Sunday, March 31, 2013

The Animals - The Best Therapy

The Best Therapy

2013 hasn't been the best year so far for me.  I had the flu. Twice.  That took from New Years Eve until early February.  Then I got a back spasm, probably because I had been lying around for a month getting fat and out of shape.  That led to pain medication, and acupuncture, and therapeutic massages, and stretching exercises and TENS  and more pain medication and visiting the spine specialist.  That led to a fight with our new insurance provider and eventually an MRI and steroid injections will be coming up this Thursday.

I mention all this because I haven't been able to post anything about riding, or training, or eventually gardening, or even cooking.   In the end, I can barely walk, sit or stand for more than a few minutes at a time.   I am taking so much medication that all I feel like doing is sleeping.  Which may be what I'm supposed to do until I get the injections.  I don't know!

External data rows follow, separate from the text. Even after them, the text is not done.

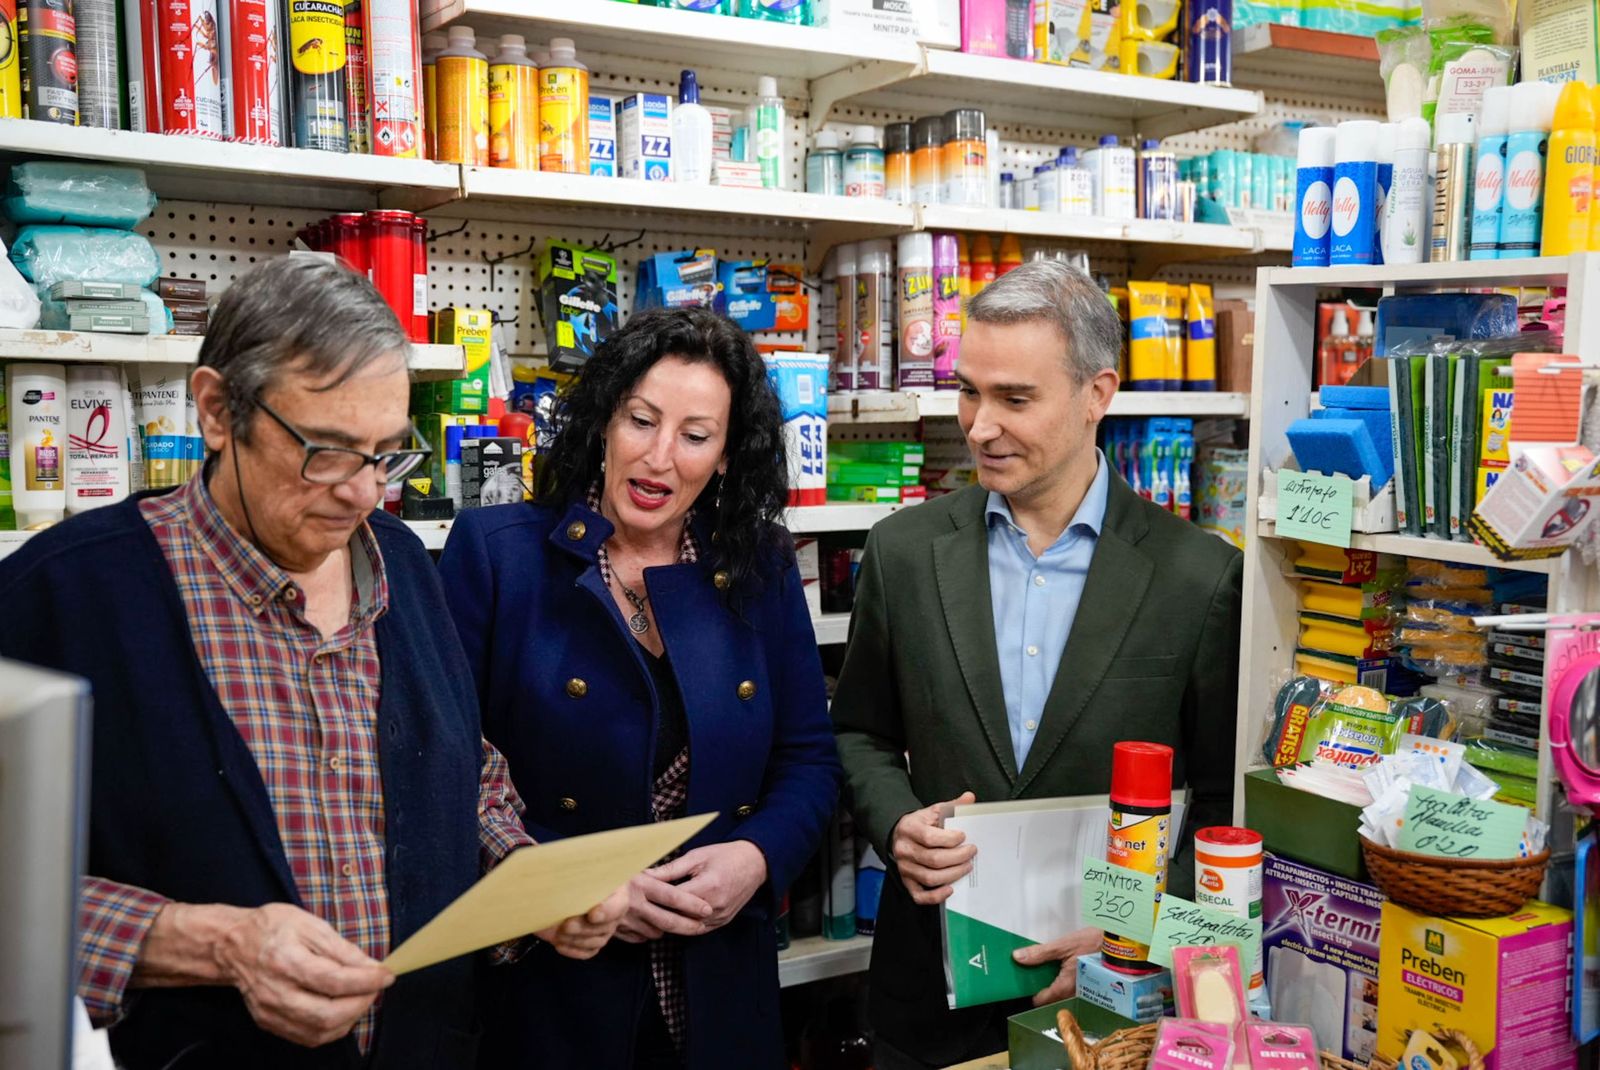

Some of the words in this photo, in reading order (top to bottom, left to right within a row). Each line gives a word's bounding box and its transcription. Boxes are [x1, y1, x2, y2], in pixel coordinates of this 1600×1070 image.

[1538, 60, 1580, 77] PLANTILLAS
[644, 136, 669, 156] ZZ
[1508, 169, 1541, 200] Nelly
[1304, 200, 1330, 225] Nelly
[1303, 247, 1326, 255] LACA
[457, 326, 487, 336] Preben
[71, 399, 113, 409] ELVIVE
[800, 424, 814, 475] LEA
[1280, 705, 1308, 754] GRATIS
[1265, 867, 1325, 892] ATTRAPE-INSECTES
[1273, 862, 1330, 885] ATRAPAINSECTOS
[1281, 938, 1303, 951] electric
[1401, 948, 1465, 986] Preben
[1406, 972, 1459, 1000] ELÉCTRICOS
[1167, 1049, 1214, 1069] BETER
[1260, 1050, 1306, 1060] BETER
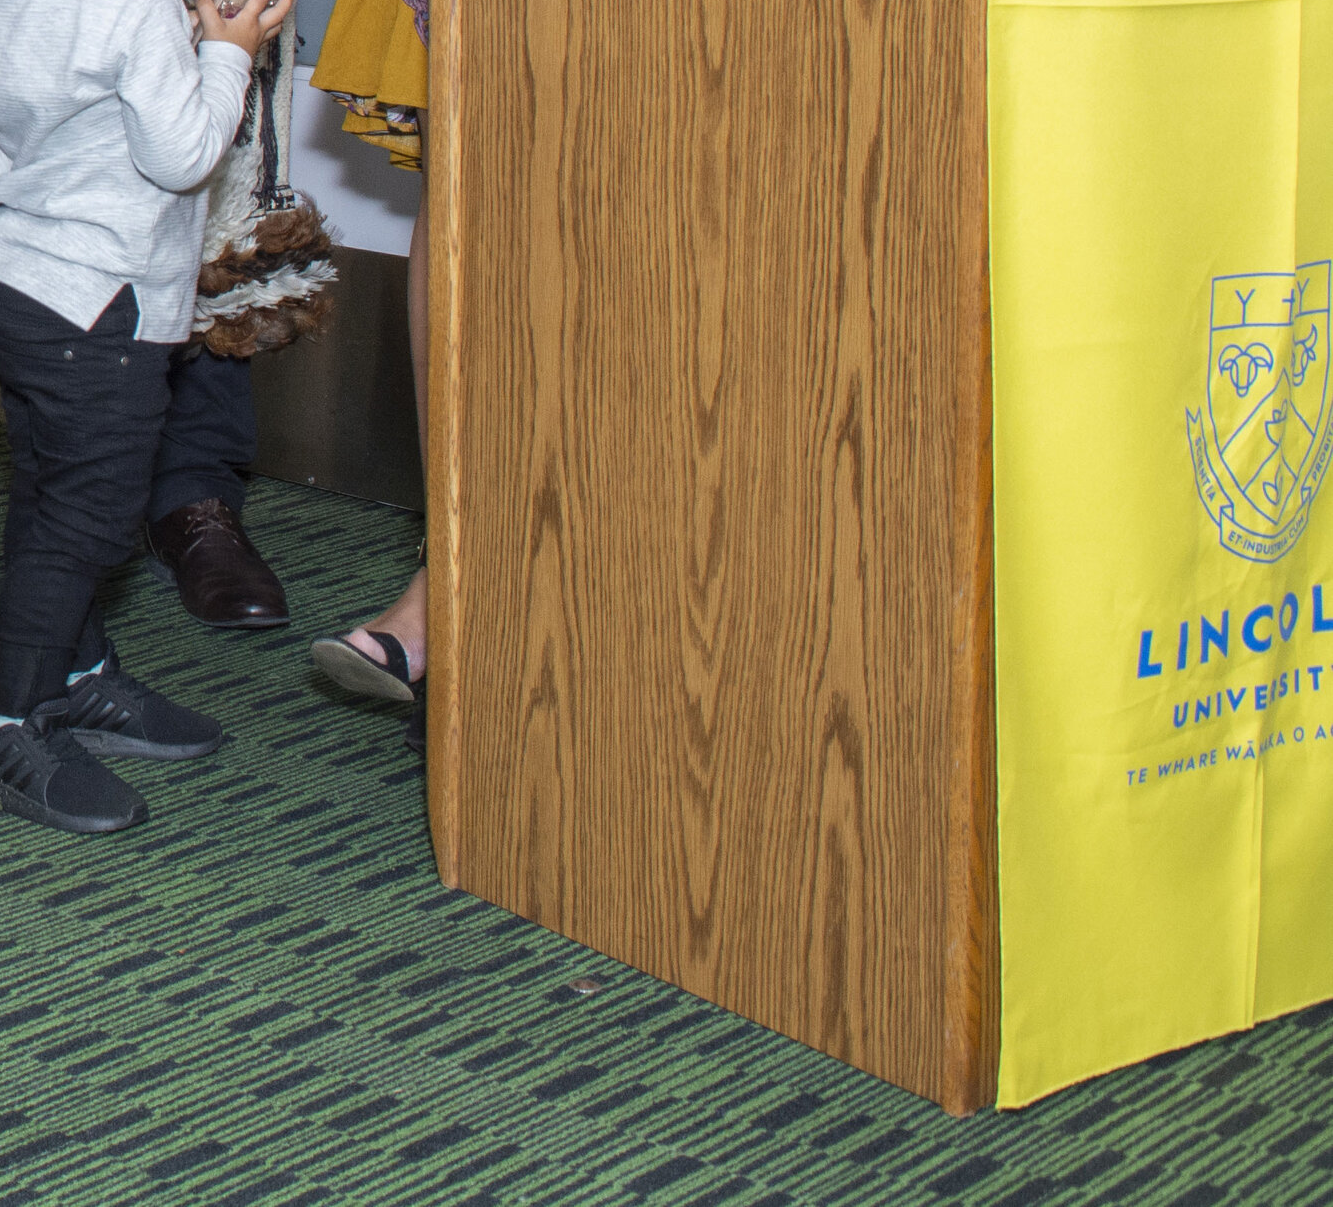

These times of being an impatient patient are always educational for me in some way or other, though.  So far I have learned that my husband really can do it all himself, except the clean dishes sometimes have a little food on them.  Riding can't fix everything.  The animals we live with are empathic beyond all my expectations.  People have and maintain deep connections beyond what is generally accepted or talked about.  Mind and spirit facilitate healing. 

As I have become less and less able bodied, my husband has quietly stepped up and done dishes and laundry and vacuuming.  He has done all the chores, inside and out. He has cooked and straightened the house.  It has been seamless.  But he looks tired.  It's time for me to start pulling my weight again.

Usually when my back acts up, riding makes it feel better.  Not this time.

The day I woke up with the back spasm, I was crooked.  I went down to the barn and Elvis came up to me and wrapped his neck around me and gave me a big old horse hug.  He was very careful.  He is not a demonstrative guy.  He doesn't hold with frivolous displays of emotion.  I swear he knew I was hurting and he was trying to comfort me.




A couple of days ago I was having trouble getting started in the morning and I lay down on the couch for a session with the TENS machine.   There are only two in the picture above, but on that morning all four animals that live in the house were right there with me.  Jasmine was under my chin, Jasper was behind my knees, Gwynnie had her chin on my feet and Genji was stretched out on the floor next to the couch. 

A woman I roomed with for one sememster, freshman year, at Bennington College in1967 contacted me last Friday.  She is a long-time practioner of Kototama Life Therapy, and she lives in Santa Fe.  I haven't spoken with her for, probably, forty three years.  We talked on the phone for a bit last night and she did a remote, or telepathic session for me and my back this morning.  I feel better.  I have less pain and I have been able to be up and about for  several hours at a time, instead of only several minutes. 

I have no explanation for most of these things.  Skeptics will say that I anthropomorphize the animals and the remote healing was nothing but the placebo effect.  I have had many experiences, over the years, with the so-called placebo effect.  It is my doctors' best friend: always makes them look good.